--- a/doc-src/IsarRef/Thy/Inner_Syntax.thy Mon Jun 18 16:30:20 2012 +0200
+++ b/doc-src/IsarRef/Thy/Inner_Syntax.thy Mon Jun 18 21:17:34 2012 +0200
@@ -1062,11 +1062,123 @@
subsection {* Abstract syntax trees *}
-text {*
- FIXME
+text {* The ML datatype @{ML_type Ast.ast} explicitly represents the
+ intermediate AST format that is used for syntax rewriting
+ (\secref{sec:syn-trans}). It is defined in ML as follows:
+ \begin{ttbox}
+ datatype ast =
+ Constant of string |
+ Variable of string |
+ Appl of ast list
+ \end{ttbox}
+
+ An AST is either an atom (constant or variable) or a list of (at
+ least two) subtrees. Occasional diagnostic output of ASTs uses
+ notation that resembles S-expression of LISP. Constant atoms are
+ shown as quoted strings, variable atoms as non-quoted strings and
+ applications as a parenthesized list of subtrees. For example, the
+ AST
+ @{ML [display] "Ast.Appl
+ [Ast.Constant \"_abs\", Ast.Variable \"x\", Ast.Variable \"t\"]"}
+ is pretty-printed as @{verbatim "(\"_abs\" x t)"}. Note that
+ @{verbatim "()"} and @{verbatim "(x)"} are excluded as ASTs, because
+ they have too few subtrees.
+
+ \medskip AST application is merely a pro-forma mechanism to indicate
+ certain syntactic structures.

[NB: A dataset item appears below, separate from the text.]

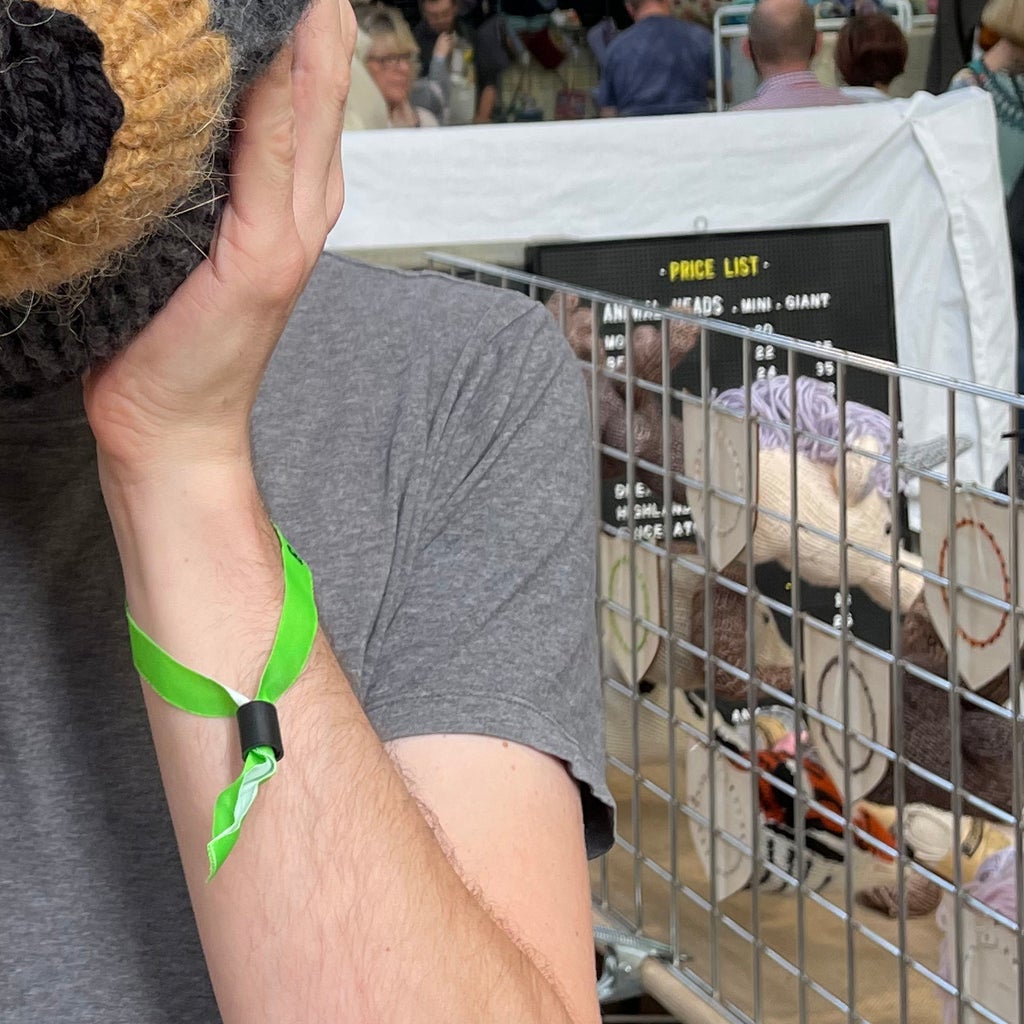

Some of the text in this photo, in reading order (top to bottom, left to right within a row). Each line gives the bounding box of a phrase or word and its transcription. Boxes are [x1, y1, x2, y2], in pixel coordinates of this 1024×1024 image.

Thus @{verbatim "(c a b)"} could mean
+ either term application or type application, depending on the
+ syntactic context.
+
+ Nested application like @{verbatim "((\"_abs\" x t) u)"} is also
+ possible, but ASTs are definitely first-order: the syntax constant
+ @{verbatim "\"_abs\""} does not bind the @{verbatim x} in any way.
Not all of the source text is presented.